洲本城――海を見下ろす城を、総石垣の城へ
洲本城は淡路島の東岸にあり、大坂湾・紀淡海峡・瀬戸内海へつながる海上交通を見渡す位置にあります。安治は32歳から56歳ごろまでこの城を治め、石垣を重ねる近世的な城へ改修しました。城は敵を防ぐ場所であると同時に、船の往来、港、島の年貢や人の動きを管理する拠点でした。
安治を「関ヶ原で寝返った人」とだけ覚えると、この長い洲本統治が消えてしまいます。安治が洲本城で築いた城の形と家臣団の基盤は、徳川の世に家を続ける力になりました。
関ヶ原の転身――何が起きたのか
関ヶ原で安治は、松尾山近くにいた西軍諸将の一人でした。小早川秀秋が大谷吉継隊を攻撃すると、安治・朽木元綱・小川祐忠・赤座直保らも東軍側へ移り、大谷隊を複数方向から圧迫しました。安治の行動は西軍の南側の戦線を崩す一因になります。

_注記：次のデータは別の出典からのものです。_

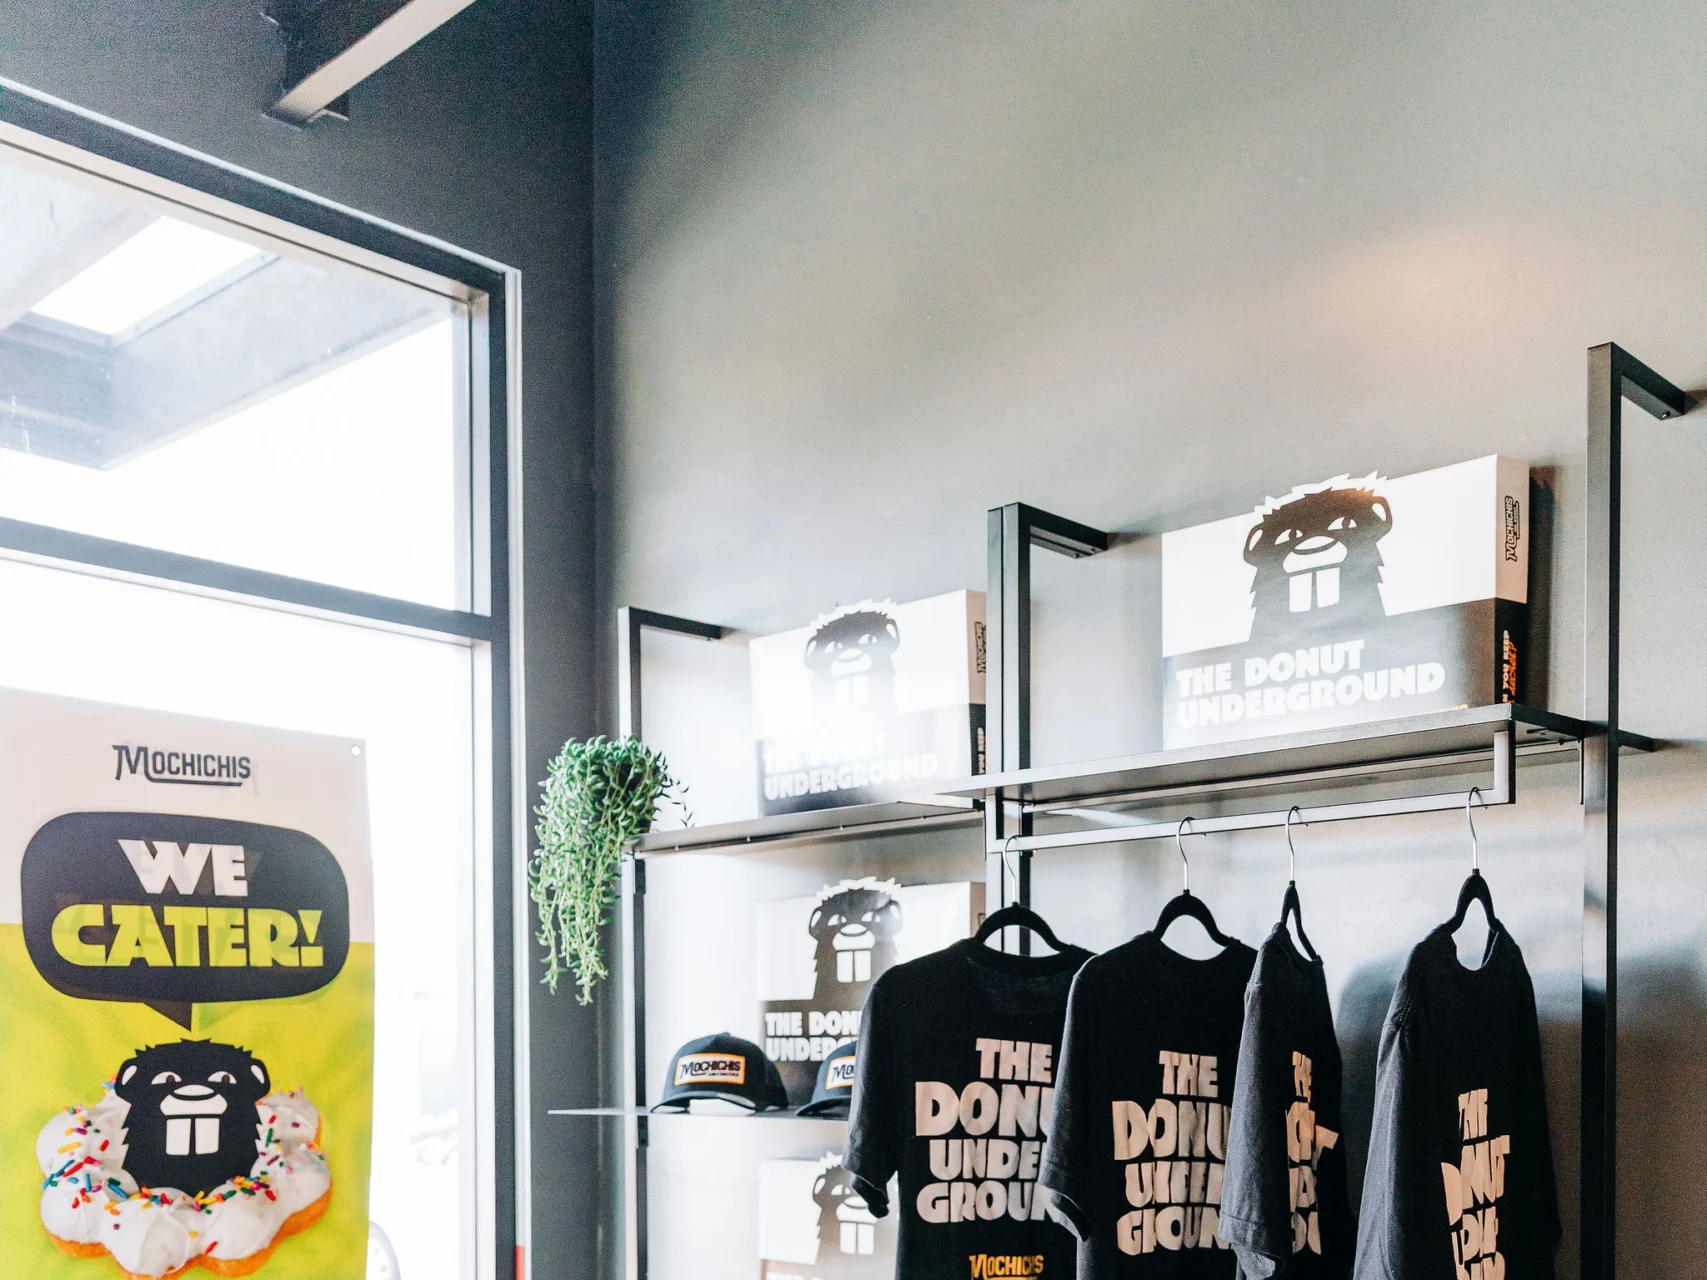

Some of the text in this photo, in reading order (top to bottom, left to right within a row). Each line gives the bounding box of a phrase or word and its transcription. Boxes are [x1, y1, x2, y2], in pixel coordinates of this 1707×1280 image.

[1176, 639, 1365, 697] THE DONUT
[1176, 662, 1446, 729] UNDERGROUND
[112, 744, 251, 787] MOCHICHIS
[764, 752, 939, 800] UNDERGROUND
[117, 839, 248, 896] WE
[51, 903, 324, 967] CATER!
[765, 1010, 862, 1036] THE DON
[976, 1037, 1053, 1083] THE
[1158, 1050, 1218, 1098] THE
[929, 1138, 1048, 1181] UNDE
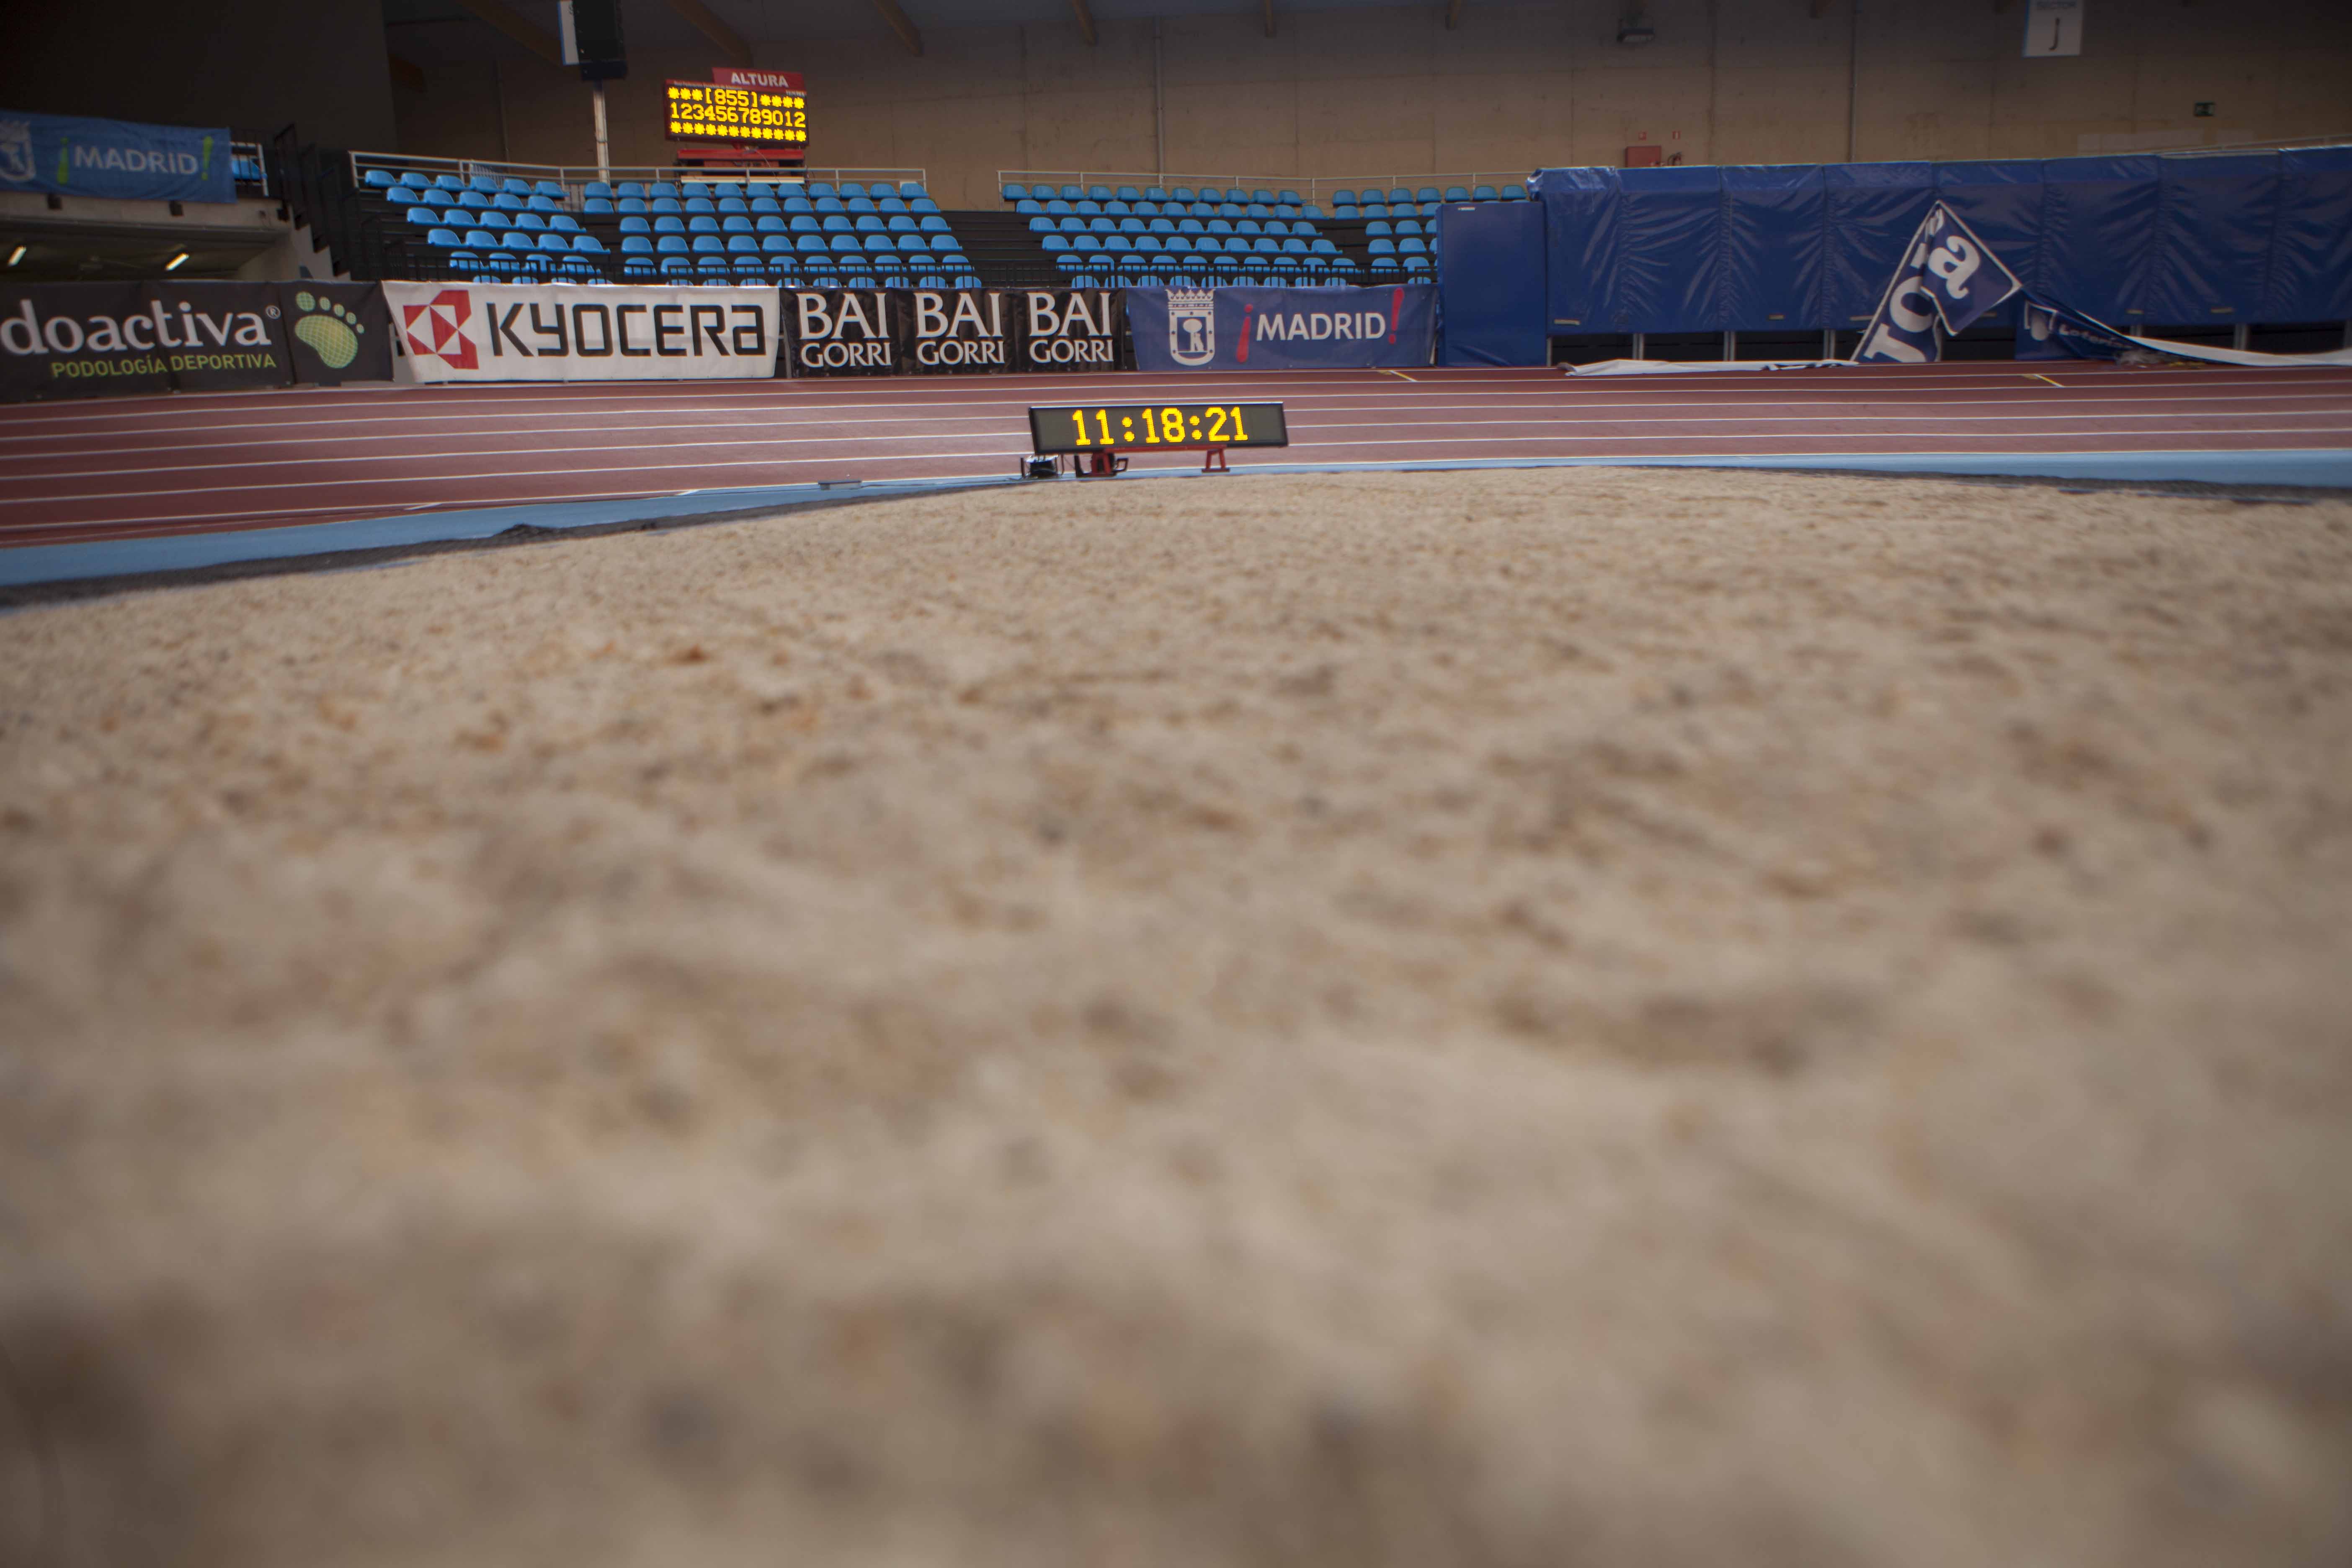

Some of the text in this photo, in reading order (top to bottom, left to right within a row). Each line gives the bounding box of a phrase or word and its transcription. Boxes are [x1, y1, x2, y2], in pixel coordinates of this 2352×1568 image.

[2049, 17, 2060, 51] J
[731, 72, 789, 88] ALTURA
[671, 102, 806, 128] 123456789012
[487, 302, 767, 357] KYOCERA
[797, 292, 890, 340] BAI
[913, 292, 1004, 338] BAI
[1027, 292, 1112, 337] BAI
[51, 353, 276, 378] PODOLOGÍA DEPORTIVA
[801, 342, 892, 368] GORRI
[917, 340, 1005, 366] GORRI
[1029, 339, 1114, 364] GORRI
[1072, 406, 1248, 446] 11:18:21

ただし、安治がいつ、どこまで家康側と通じていたのか、各部隊が動いた細かな順序には史料による差があります。「その場で突然裏切った」という単純な物語にせず、戦前からの交渉、主君を失った大名の利害、戦場での判断を分けて考えます。勝者側に移った結果、安治は大洲の領主として存続しました。
大洲へ――城と支配の仕組みを整える
1609年、安治は淡路洲本から伊予大洲へ移りました。大洲城は肱川沿いの要地にあり、藤堂高虎の時代から近世城郭として整備が進んでいた城です。安治は城と城下を受け継ぎ、給人所法度や庄屋を軸とする支配の仕組みを整えたと考えられています。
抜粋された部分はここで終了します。